É a mais pura verdade: a primeira palavra que ele falou foi Charlles. Saiu pulando em uma perna só gritando Chali, Chali, Chali. Quando eu me levantava e me despedia de todos da casa, ele corria, apanhava a bola, e vinha me dizer do seu jeito para que eu ficasse. Bola, Chali! Bola! Eu o levava para a praça a ficávamos lá, sentados, vendo as pessoas, ele olhando as plantas e aventurando-se fora do meu círculo de proteção e voltando correndo. Todas as noites, eu o erguia nos braços e fazia a sombra com a mão de uma boca devoradora que vinha comer seu dedo espichado subindo o muro, e ele caía na gargalhada. Outra noite, ele com o boné virado para trás e vestido com um macacão de bad-boy, eu menti que queimava a língua com o café, e ele soltava deliciosas e sonoras gargalhadas. Todo mundo ria com as gargalhadas e era algo de uma beleza impressionante. Ele viajara com a mãe e os avós, por dois meses. Eu levava a Dani para casa à pé, no dia em que ele chegara, e eu dizia para a Dani: "É certeza que o Rui não se lembra mais de mim. A tal viagem me colocou em segundo plano." Eu acabava de dizer isso, virando a esquina, e ele estava andando junto à avó, duas ruas abaixo.
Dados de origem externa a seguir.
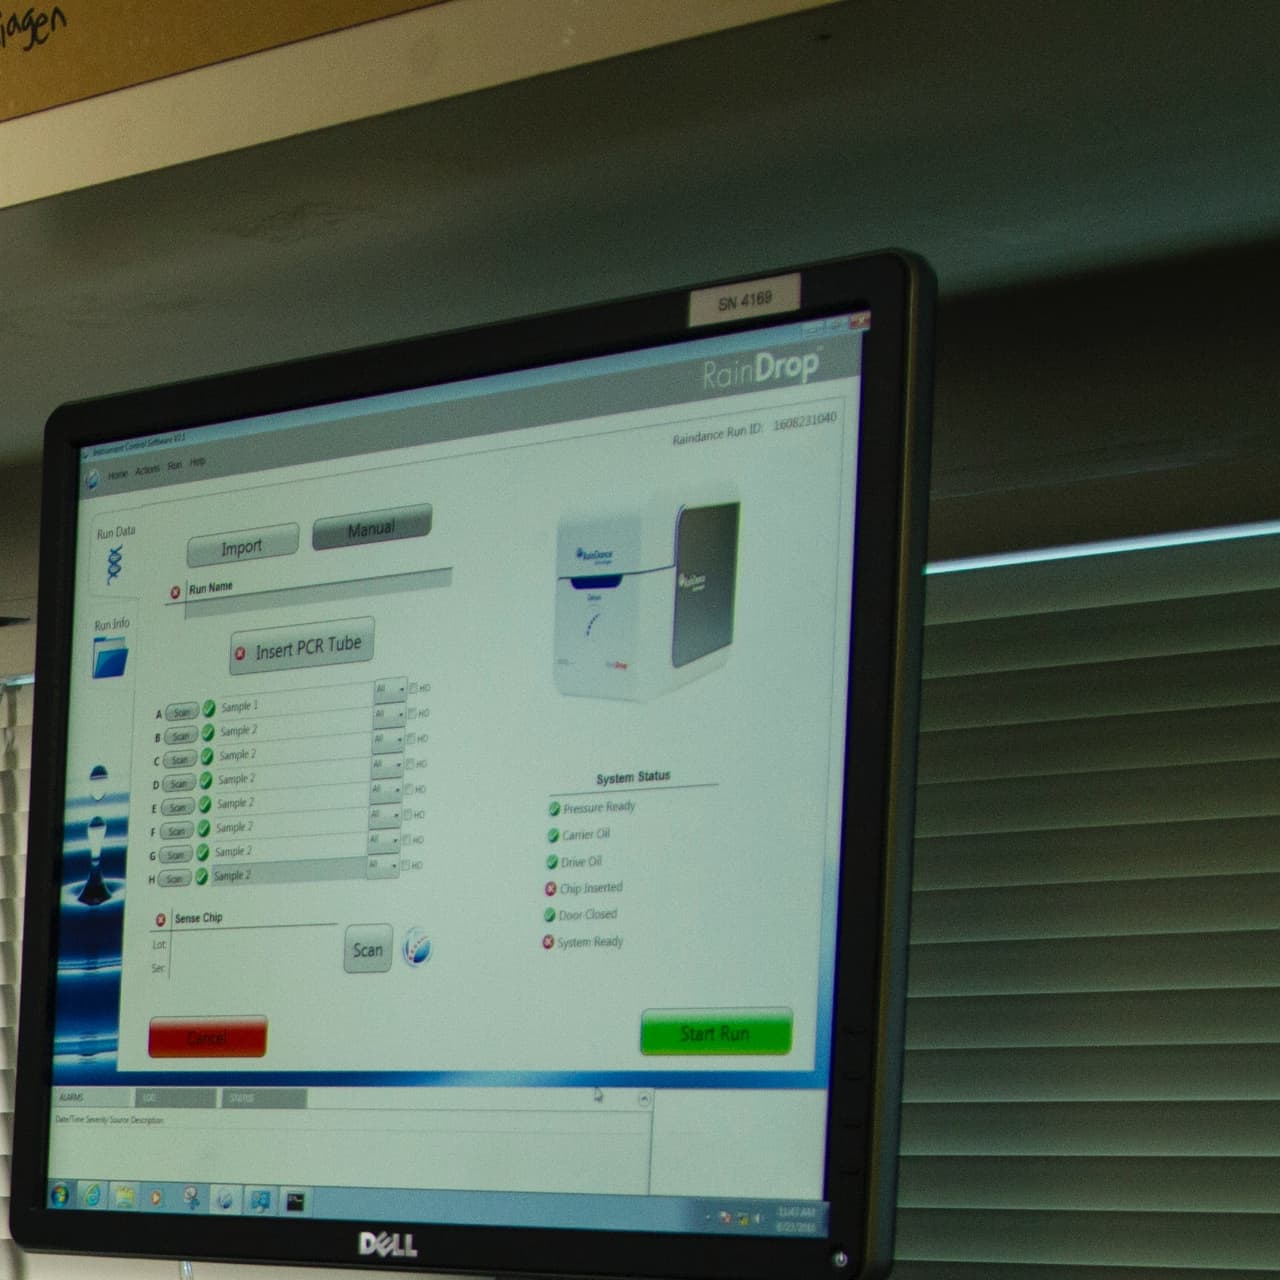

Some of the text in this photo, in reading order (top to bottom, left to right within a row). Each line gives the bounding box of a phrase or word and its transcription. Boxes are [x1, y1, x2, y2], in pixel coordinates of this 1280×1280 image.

[718, 290, 772, 312] SN 4169
[672, 428, 726, 448] Raindance
[728, 424, 745, 439] Run
[747, 421, 763, 437] ID:
[108, 457, 207, 480] Home Actions Run Help
[97, 525, 137, 541] Run Data
[348, 520, 396, 539] Manual
[221, 538, 263, 558] Import
[189, 580, 234, 595] Run Name
[94, 617, 131, 631] Run Info
[256, 634, 362, 661] Insert PCR Tube
[156, 710, 162, 720] A
[221, 702, 251, 715] Sample
[254, 700, 259, 710] 1
[155, 734, 161, 743] B
[220, 726, 250, 738] Sample
[251, 724, 258, 734] 2
[153, 757, 160, 766] C
[219, 750, 249, 762] Sample
[251, 748, 258, 758] 2
[153, 781, 159, 790] D
[218, 774, 248, 786] Sample
[249, 772, 256, 783] 2
[596, 770, 672, 788] System Status
[152, 804, 158, 813] E
[217, 798, 246, 811] Sample
[248, 797, 255, 807] 2
[563, 800, 636, 815] Pressure Ready
[150, 828, 156, 837] F
[216, 822, 245, 834] Sample
[247, 820, 254, 830] 2
[562, 828, 611, 841] Carrier Oil
[149, 852, 156, 861] G
[215, 846, 245, 858] Sample
[246, 845, 253, 855] 2
[561, 855, 602, 868] Drive Oil
[149, 875, 156, 884] H
[214, 869, 244, 882] Sample
[245, 869, 252, 880] 2
[560, 881, 623, 896] Chip Inserted
[175, 911, 223, 925] Sense Chip
[559, 908, 618, 921] Door Closed
[353, 942, 384, 958] Scan
[558, 935, 624, 949] System Ready
[681, 1025, 751, 1042] Start Run
[358, 1231, 419, 1258] DELL
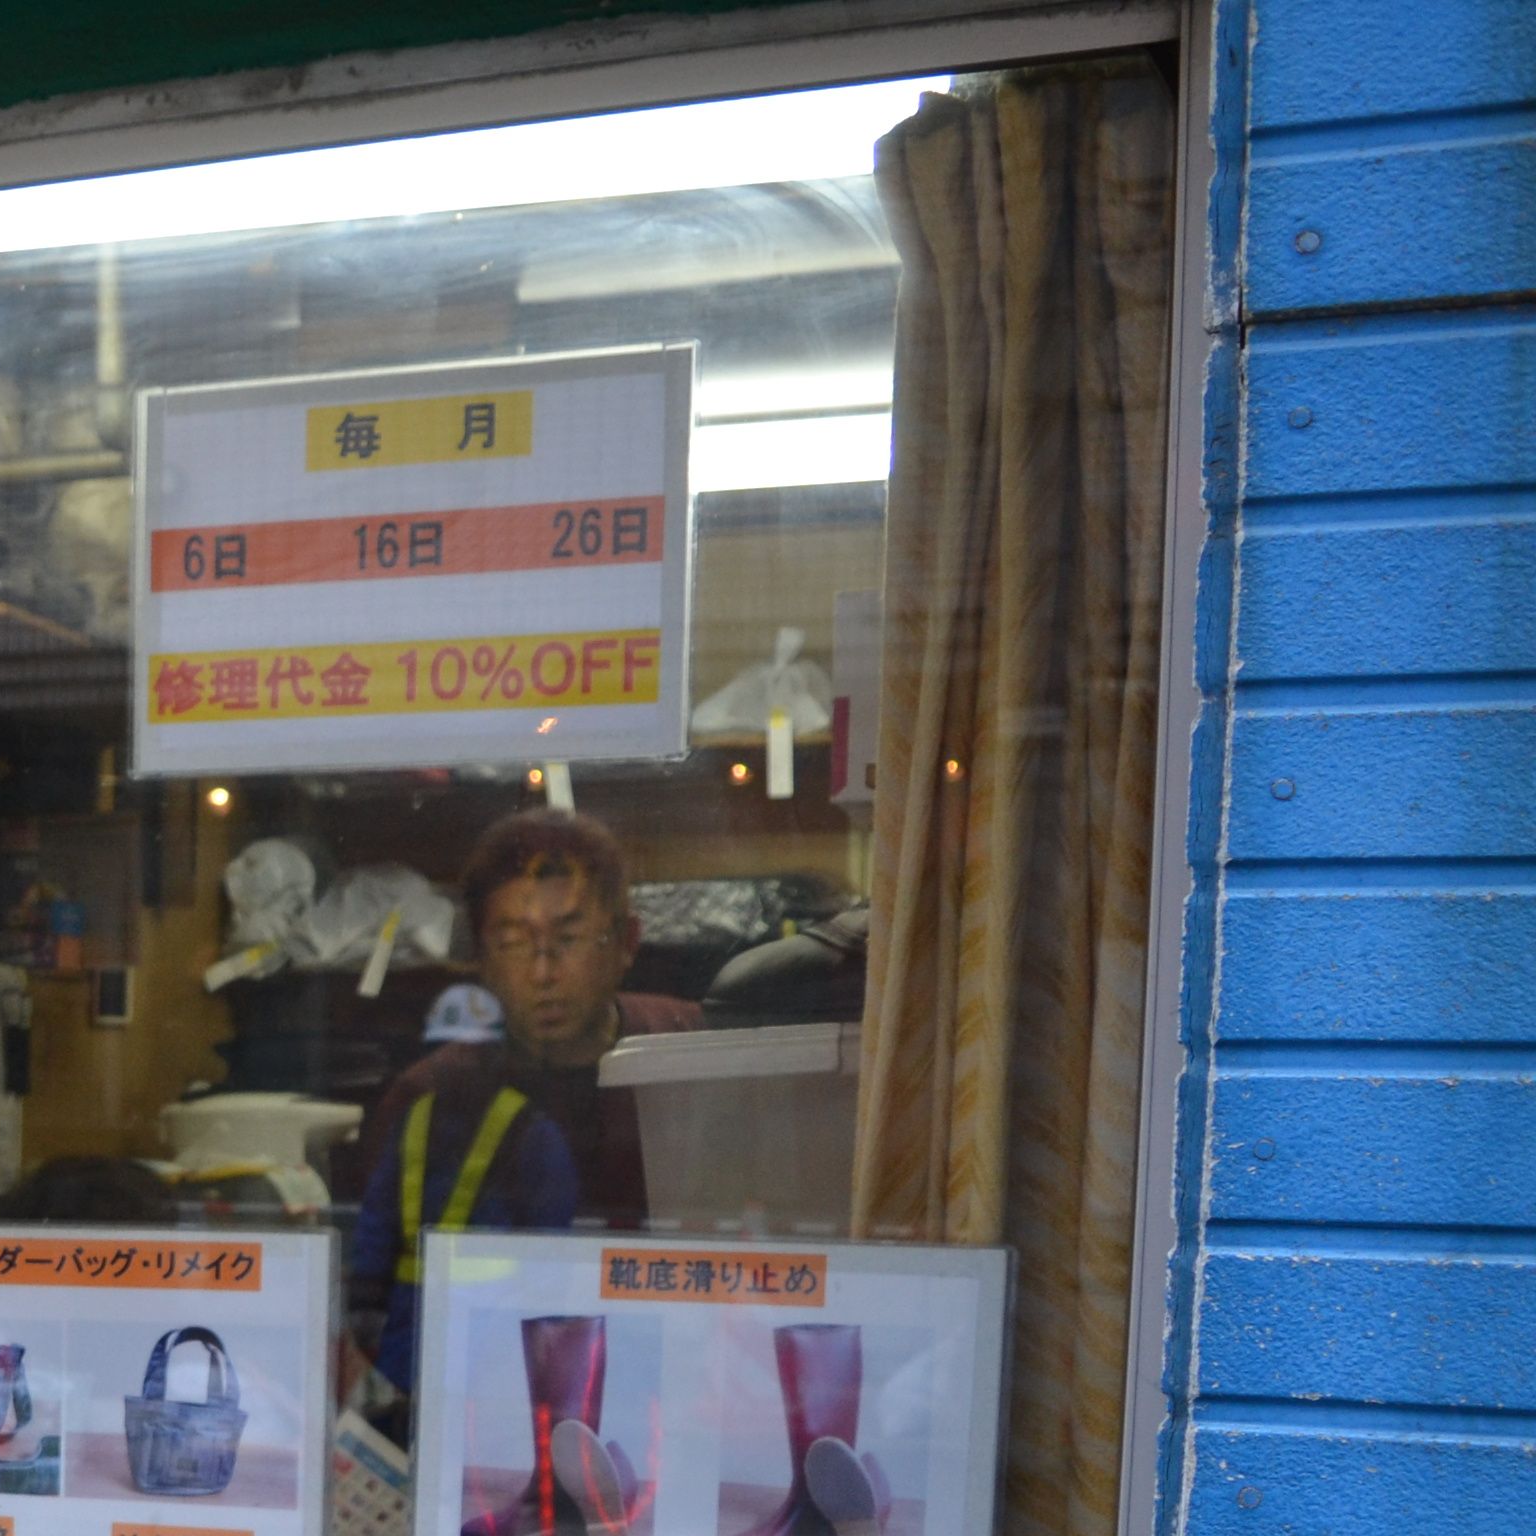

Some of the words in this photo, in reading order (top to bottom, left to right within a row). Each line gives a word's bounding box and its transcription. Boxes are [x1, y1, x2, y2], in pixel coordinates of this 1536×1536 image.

[182, 533, 248, 581] 6日
[352, 520, 444, 572] 16日
[550, 507, 649, 560] 26日
[153, 652, 373, 716] 修理代金
[397, 636, 660, 703] 10%OFF
[608, 1257, 818, 1297] 靴底滑り止め
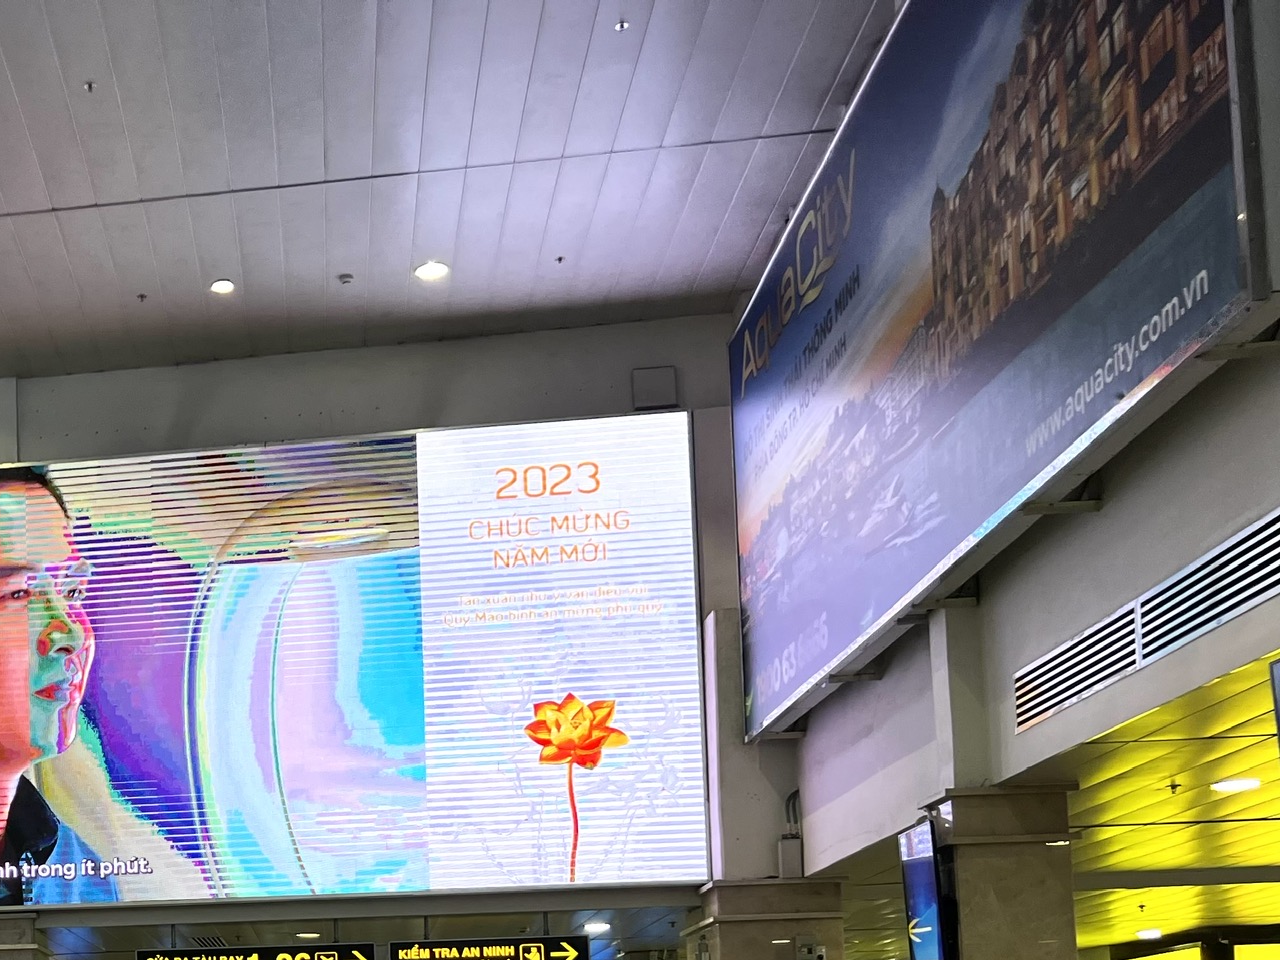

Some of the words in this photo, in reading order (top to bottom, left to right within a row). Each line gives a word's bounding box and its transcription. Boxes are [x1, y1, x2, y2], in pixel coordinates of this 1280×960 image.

Ele tinha três anos, e sincronizadamente, assim que eu terminara a frase, ele gritou o meu nome e saiu correndo em minha direção. Eu saí desesperado em sua direção, assim como a Dani e a avó, temerosos que algum carro passasse pela rua. Foi uma cena de cinema, para se encenar em uma praia, nós dois indo em direção um para o outro, e ao nos aproximarmos, ele se lançando em meus braços. Foi o abraço mais delicioso da minha vida. Ele vestia um moletom, e me apertou com tanta força que fiquei sufocado. E não parava de repetir, com a voz cheia de amor: "Charlles. Charlles." Depois de minutos em que nos sufocávamos de beijos e abraços, ele passou a pesar em meus braços, e quando eu tentava colocá-lo no chão, ele cruzava as pernas para me impedir.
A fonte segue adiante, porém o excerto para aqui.